Bill Mann: Fair. No, that was not an allegory. That was a fact.
Ricky Mulvey: Okay. I’ve been taking a look at it because I’m planning on going to Costa Rica in the winter, and it’s pretty like, even as an American, there’s some competitive offerings versus your Airbnb and your Expedia. It likes packaging things more, but this is one that I’ve seen on your side get a lot more attention than something like in Expedia. Why is Despegar more exciting? What’s going on with the Latin American travel market?

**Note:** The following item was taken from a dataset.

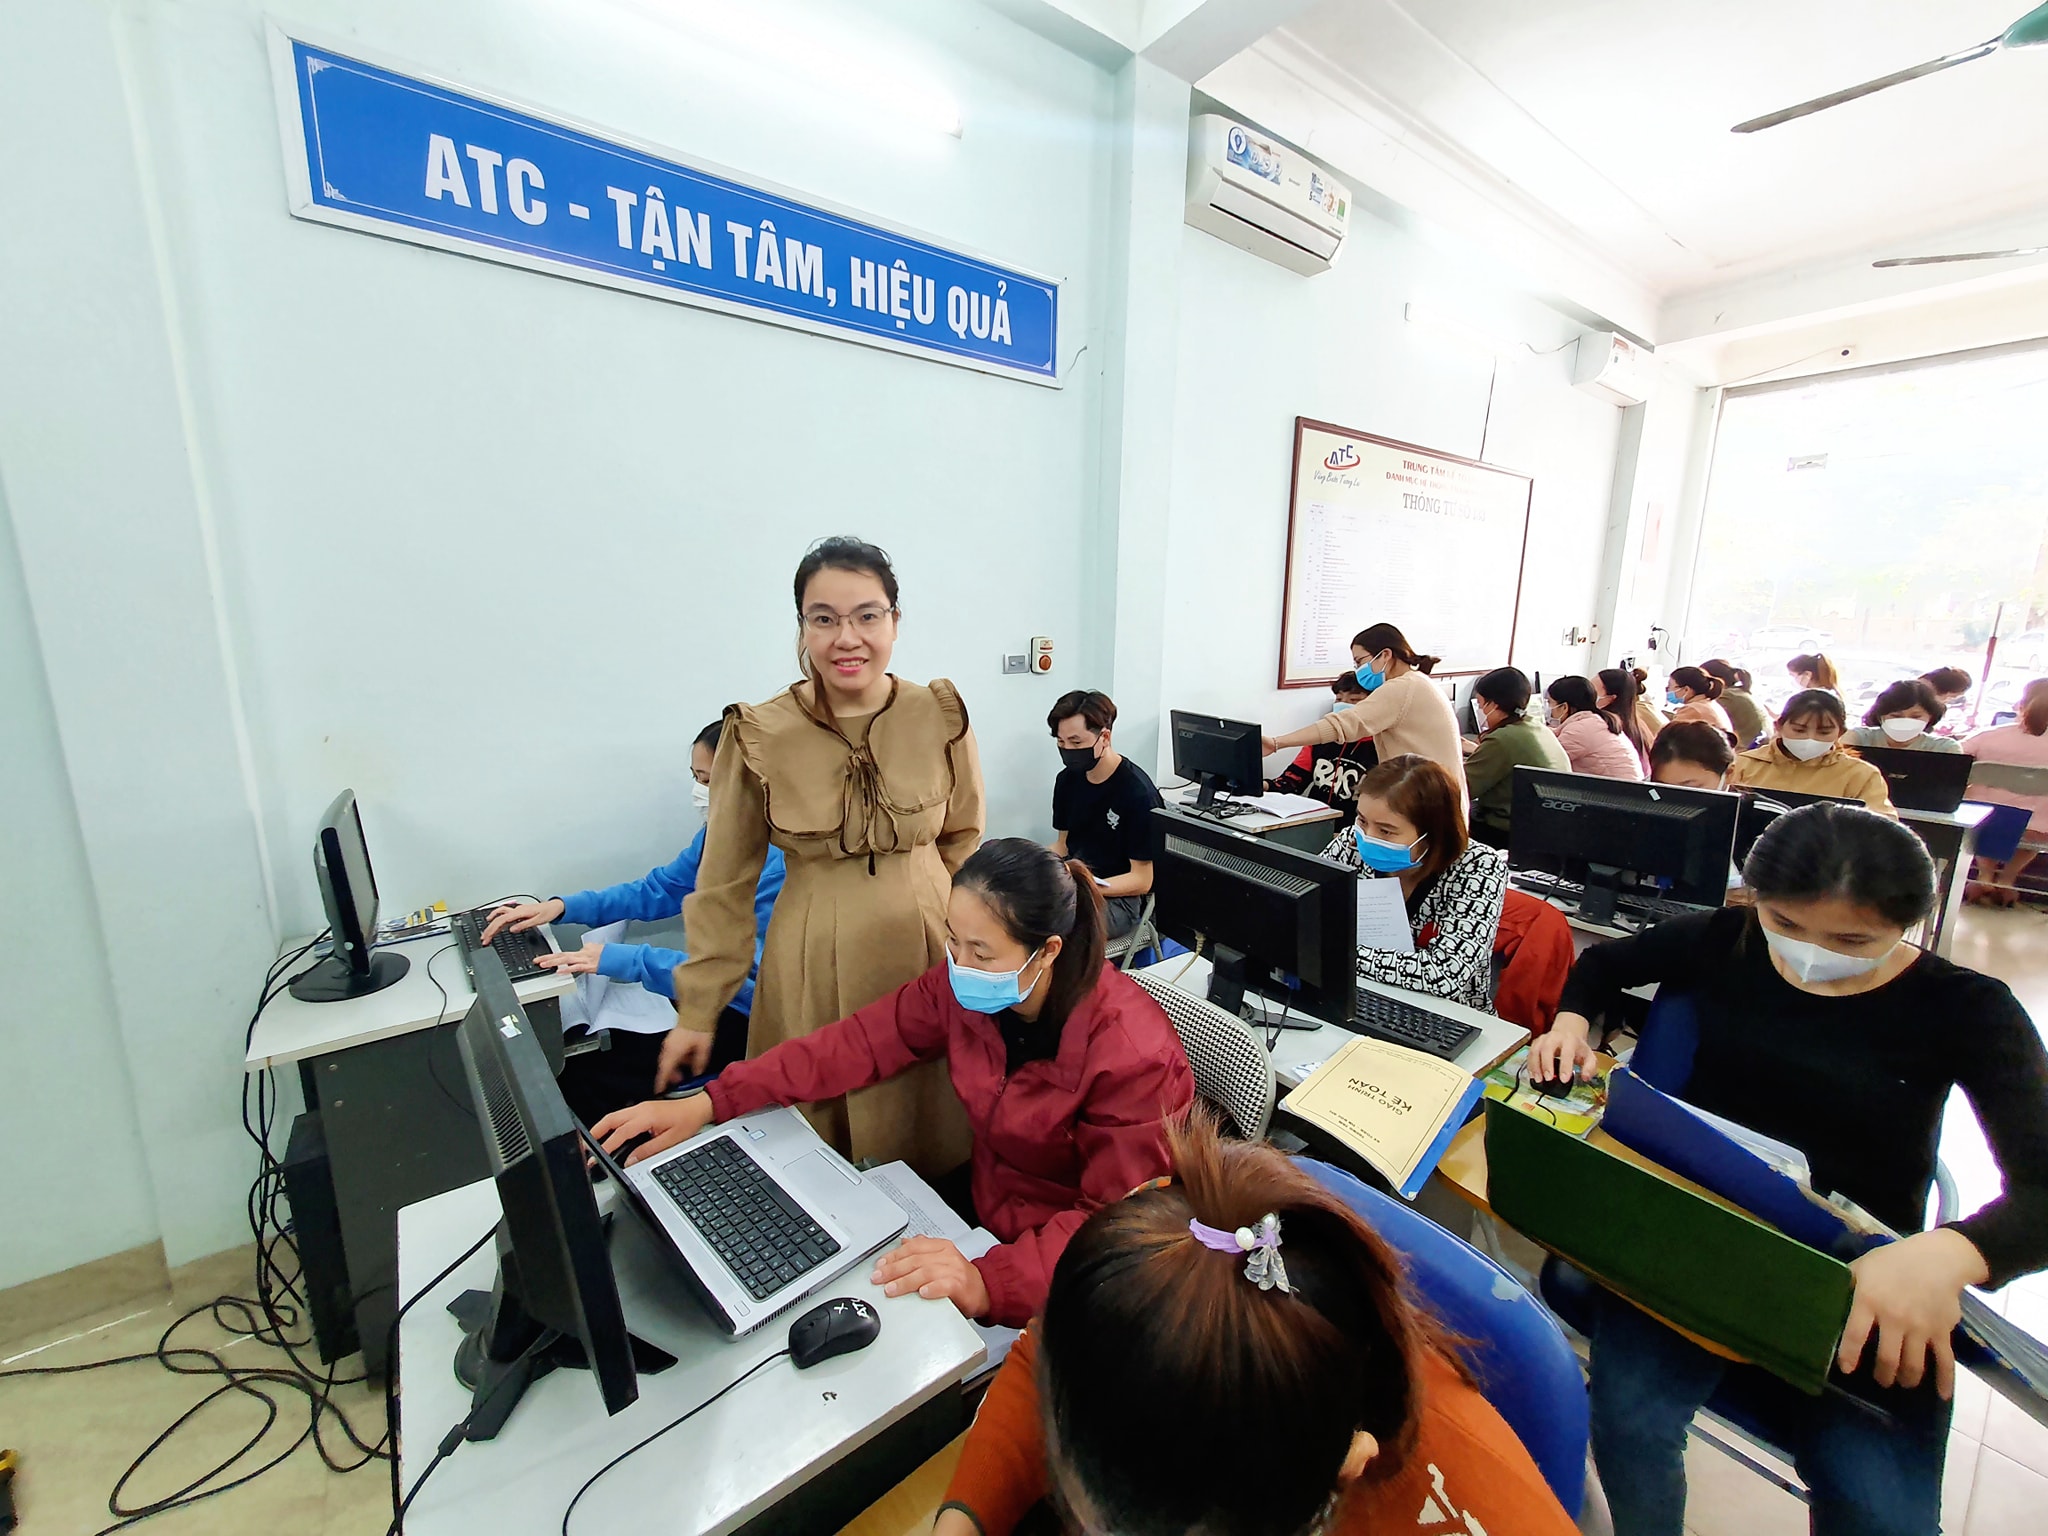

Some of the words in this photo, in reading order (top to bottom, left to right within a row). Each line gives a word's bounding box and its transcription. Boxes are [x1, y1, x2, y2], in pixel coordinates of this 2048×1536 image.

Bill Mann: Despegar does a lot more interrelationships with the hotel chains themselves. It will get deals from hotels for blocks of rooms or blocks of rooms across properties or across name plates. One of the reasons that Despegar doesn’t seem to get as much attention, it was really nearly destroyed during COVID. Travel within Latin America, which was a very rapidly growing segment prior just fell to something close to absolute zero. Because it’s a Latin American company and it does most of its business in Latin America, it doesn’t necessarily have currency risk on an operating basis, but it does have it on a reporting basis. A lot of times, so like, for example, this last year, this last quarter, I should say, its revenue grew by 12%, but if you just adjust for currency, they grew at 46%. Now, these things for me tend to revert to the mean, but people look at a small Latin American company growing at 12%, and they’re like, but what if I were to tell you it was actually growing much faster than that?
Ricky Mulvey: It’s executive headquarters is in Argentina, which does have some currency. I don’t want to sprinkle it lightly. There’s been hyperinflation in that country, and I imagine that could be an issue for Despegar. One thing, and this is where when we were talking before the show, you accused me of getting dense with this episode, which is probably a fair accusation. I’ve been looking at the company and something you told me, Bill, is you like to see leaders that are tied to the mast of the company. You want them to go down with the ship if that thing falls into the water. I can’t find anything on the way of inside ownership. It’s OK if the answer is, I can’t find it either, but is that unusual? Is that a flag to you, or am I not googling well enough?
Bill Mann: No, I think you’ve Googled OK, but the largest insider shareholder is one of the co founders named Martin Rastelino, and he owns about six million dollars worth of the shares. Six million dollars is not nothing, but they have not retained a huge ownership in the company. That’s not something that I’m particularly excited about. I guess, on the other hand, I have not seen them selling a huge amount of shares, but the insiders do not have a substantial ownership in the company. I guess the scientific way I would put it is, it’s not awesome.
Ricky Mulvey: Not awesome. If you’re looking for an earnings report to read which you’re at about minute 25 of a podcast about small-cap investing, maybe you are, the Despegar earnings calls are wild, where if you take out currency fluctuations, we’re up 40%, but there was also huge flooding in Brazil, which shut down our operations in one of our main markets for a while. This is one. There’s going to be some headaches for the company.
Bill Mann: There’s a whole lot of the dog ate my homework in their earnings calls, but in actuality, in a lot of cases, it does seem like the dog actually has eaten their homework.
Ricky Mulvey: As we wrap up, any other companies or trends in small-cap land you want to chat about?
Bill Mann: I think one of the things I really do encourage people to think about small-caps as an area of investment, particularly as companies, there’s so much concentration at the top of the market, which is not to say that the individuals of the world aren’t awesome companies, but the place where you’re going to find the multi-baggers are almost always in the smallest companies. It is an area to fish where not as many people are fishing, and if you’re looking for value, that’s the place to do it.
Mary Long: As always, people on the program may have interest in the stocks they talk about, and the Motley Fool may have formal recommendations for or against, so don’t buy or sell stocks based solely on what you hear. I’m Mary Long. Thanks for listening. We’ll see you tomorrow.